-- Data shown follows --

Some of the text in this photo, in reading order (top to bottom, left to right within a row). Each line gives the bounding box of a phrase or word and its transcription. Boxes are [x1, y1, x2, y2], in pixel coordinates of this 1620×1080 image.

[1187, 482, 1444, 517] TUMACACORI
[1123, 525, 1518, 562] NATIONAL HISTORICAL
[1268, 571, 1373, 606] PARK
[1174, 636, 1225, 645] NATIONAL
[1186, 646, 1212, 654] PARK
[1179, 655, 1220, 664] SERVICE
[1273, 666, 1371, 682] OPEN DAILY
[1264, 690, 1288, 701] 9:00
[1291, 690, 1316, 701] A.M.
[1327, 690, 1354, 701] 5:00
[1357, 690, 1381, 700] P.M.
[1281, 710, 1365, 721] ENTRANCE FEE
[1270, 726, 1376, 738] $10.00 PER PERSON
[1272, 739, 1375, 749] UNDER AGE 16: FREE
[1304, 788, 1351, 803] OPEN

-- Data shown concluded --

▶ **Assignment**
Return an exact copy of the listing above, complete in every line.

▶ **Response area**
Some of the text in this photo, in reading order (top to bottom, left to right within a row). Each line gives the bounding box of a phrase or word and its transcription. Boxes are [x1, y1, x2, y2], in pixel coordinates of this 1620×1080 image.

[1187, 482, 1444, 517] TUMACACORI
[1123, 525, 1518, 562] NATIONAL HISTORICAL
[1268, 571, 1373, 606] PARK
[1174, 636, 1225, 645] NATIONAL
[1186, 646, 1212, 654] PARK
[1179, 655, 1220, 664] SERVICE
[1273, 666, 1371, 682] OPEN DAILY
[1264, 690, 1288, 701] 9:00
[1291, 690, 1316, 701] A.M.
[1327, 690, 1354, 701] 5:00
[1357, 690, 1381, 700] P.M.
[1281, 710, 1365, 721] ENTRANCE FEE
[1270, 726, 1376, 738] $10.00 PER PERSON
[1272, 739, 1375, 749] UNDER AGE 16: FREE
[1304, 788, 1351, 803] OPEN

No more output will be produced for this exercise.